ABSTRACT

According to Barry Schwartz, everything suffers from comparison. Rather than measuring human experience as either ‘good’ or ‘bad’ in absolute terms, ‘comparisons are the only meaningful benchmark’ (2004: 181). In many contexts, this proves generally unproblematic, but, as history testifies, physiological, sexual, gender, ethnic or religious benchmarking has served to exclude and oppress those who fail to fit within the privileged, ‘normal’ blueprint that comparison so often gives rise to. Of course, these are not selfevident or objective norms: as Georges Canguilhem comments in the context of physiology, the concept of norm ‘cannot be reduced to an objective concept determinable by scientific methods.

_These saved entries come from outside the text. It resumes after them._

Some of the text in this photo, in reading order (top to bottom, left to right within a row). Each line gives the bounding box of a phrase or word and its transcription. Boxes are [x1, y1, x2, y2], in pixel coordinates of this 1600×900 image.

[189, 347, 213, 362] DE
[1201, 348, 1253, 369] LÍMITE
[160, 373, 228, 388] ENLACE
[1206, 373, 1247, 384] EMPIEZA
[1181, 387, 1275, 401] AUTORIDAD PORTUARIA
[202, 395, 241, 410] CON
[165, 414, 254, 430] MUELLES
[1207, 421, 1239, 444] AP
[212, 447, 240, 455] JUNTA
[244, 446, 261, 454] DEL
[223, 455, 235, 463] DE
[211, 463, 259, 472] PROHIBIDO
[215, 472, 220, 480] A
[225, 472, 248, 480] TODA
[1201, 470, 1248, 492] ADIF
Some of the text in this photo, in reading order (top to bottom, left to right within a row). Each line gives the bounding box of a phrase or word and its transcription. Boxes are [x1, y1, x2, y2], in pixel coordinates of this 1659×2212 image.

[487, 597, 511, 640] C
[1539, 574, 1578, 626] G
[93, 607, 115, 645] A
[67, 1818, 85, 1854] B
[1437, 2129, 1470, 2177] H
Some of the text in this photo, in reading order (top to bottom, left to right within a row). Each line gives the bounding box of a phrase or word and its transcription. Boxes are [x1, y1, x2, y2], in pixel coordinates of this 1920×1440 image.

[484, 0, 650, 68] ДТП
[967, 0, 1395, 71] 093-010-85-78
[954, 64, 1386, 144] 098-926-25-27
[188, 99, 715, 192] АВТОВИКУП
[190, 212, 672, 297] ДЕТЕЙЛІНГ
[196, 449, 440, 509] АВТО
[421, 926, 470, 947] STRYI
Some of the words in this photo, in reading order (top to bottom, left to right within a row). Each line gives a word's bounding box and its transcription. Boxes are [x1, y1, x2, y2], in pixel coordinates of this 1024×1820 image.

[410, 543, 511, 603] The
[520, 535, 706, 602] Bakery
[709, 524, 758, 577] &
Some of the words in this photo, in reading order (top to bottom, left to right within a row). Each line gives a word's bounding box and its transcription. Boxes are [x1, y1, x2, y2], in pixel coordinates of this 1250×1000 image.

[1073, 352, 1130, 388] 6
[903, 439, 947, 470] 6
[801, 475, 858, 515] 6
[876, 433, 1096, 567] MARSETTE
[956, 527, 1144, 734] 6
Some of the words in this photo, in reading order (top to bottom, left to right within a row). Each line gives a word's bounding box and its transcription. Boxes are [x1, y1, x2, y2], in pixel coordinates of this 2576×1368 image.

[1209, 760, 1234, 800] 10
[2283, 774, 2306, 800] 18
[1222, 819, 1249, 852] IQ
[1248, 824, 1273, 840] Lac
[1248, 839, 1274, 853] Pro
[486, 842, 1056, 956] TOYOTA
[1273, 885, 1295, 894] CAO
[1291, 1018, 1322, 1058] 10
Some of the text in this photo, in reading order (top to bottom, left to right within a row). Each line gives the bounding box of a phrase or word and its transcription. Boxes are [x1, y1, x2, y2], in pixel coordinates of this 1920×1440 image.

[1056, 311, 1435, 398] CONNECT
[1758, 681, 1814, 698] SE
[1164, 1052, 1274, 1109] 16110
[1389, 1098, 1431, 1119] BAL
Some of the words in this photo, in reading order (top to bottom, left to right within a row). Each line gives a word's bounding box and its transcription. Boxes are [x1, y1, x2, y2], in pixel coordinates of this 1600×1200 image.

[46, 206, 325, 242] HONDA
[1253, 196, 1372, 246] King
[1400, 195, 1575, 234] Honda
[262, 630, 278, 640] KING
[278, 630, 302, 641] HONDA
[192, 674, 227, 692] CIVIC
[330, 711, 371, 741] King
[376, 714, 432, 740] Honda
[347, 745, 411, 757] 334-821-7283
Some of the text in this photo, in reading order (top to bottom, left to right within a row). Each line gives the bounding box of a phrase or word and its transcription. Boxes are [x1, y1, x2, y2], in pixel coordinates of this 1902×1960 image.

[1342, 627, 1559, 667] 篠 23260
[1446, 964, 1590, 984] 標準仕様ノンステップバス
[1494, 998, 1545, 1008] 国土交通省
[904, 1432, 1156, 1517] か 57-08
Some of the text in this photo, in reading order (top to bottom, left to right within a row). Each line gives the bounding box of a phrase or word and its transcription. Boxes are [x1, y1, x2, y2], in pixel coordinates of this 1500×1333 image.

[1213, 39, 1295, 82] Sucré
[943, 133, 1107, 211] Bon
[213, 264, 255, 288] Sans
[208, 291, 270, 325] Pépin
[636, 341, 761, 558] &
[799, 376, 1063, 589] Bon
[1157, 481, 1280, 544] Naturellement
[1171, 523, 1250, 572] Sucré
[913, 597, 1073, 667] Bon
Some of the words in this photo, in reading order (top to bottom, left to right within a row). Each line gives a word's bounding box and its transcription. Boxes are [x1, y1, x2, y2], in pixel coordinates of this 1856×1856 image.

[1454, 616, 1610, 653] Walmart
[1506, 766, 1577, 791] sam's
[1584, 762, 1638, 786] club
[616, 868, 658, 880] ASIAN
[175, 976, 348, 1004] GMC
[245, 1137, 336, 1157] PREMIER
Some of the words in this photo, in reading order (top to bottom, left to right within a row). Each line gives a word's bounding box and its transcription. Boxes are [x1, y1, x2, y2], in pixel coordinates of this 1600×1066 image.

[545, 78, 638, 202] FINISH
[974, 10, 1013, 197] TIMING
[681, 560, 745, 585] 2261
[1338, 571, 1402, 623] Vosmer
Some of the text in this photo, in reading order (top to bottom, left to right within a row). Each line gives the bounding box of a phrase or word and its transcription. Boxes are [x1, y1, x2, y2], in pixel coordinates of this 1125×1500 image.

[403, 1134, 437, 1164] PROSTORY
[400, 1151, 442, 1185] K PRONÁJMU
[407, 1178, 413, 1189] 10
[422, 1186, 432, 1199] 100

Strictly speaking, then, there is no biological science of the normal’ (Canguilhem, 1991: 228). Yet despite the apparent ease by which the ‘normal’ elides with the ‘natural’, such norms arise neither ‘naturally’ nor ‘innocently’:

A norm is in effect the possibility of a reference only when it has been established or chosen as the expression of a preference and as the instrument of a will to substitute a satisfying state of affairs for a disappointing one. Every preference for a possible order is accompanied, most often implicitly, by the aversion for the opposite possible order. That which diverges from the preferable in a given area of evaluation is

not the indifferent but the repulsive or more exactly, the repulsed, the detestable.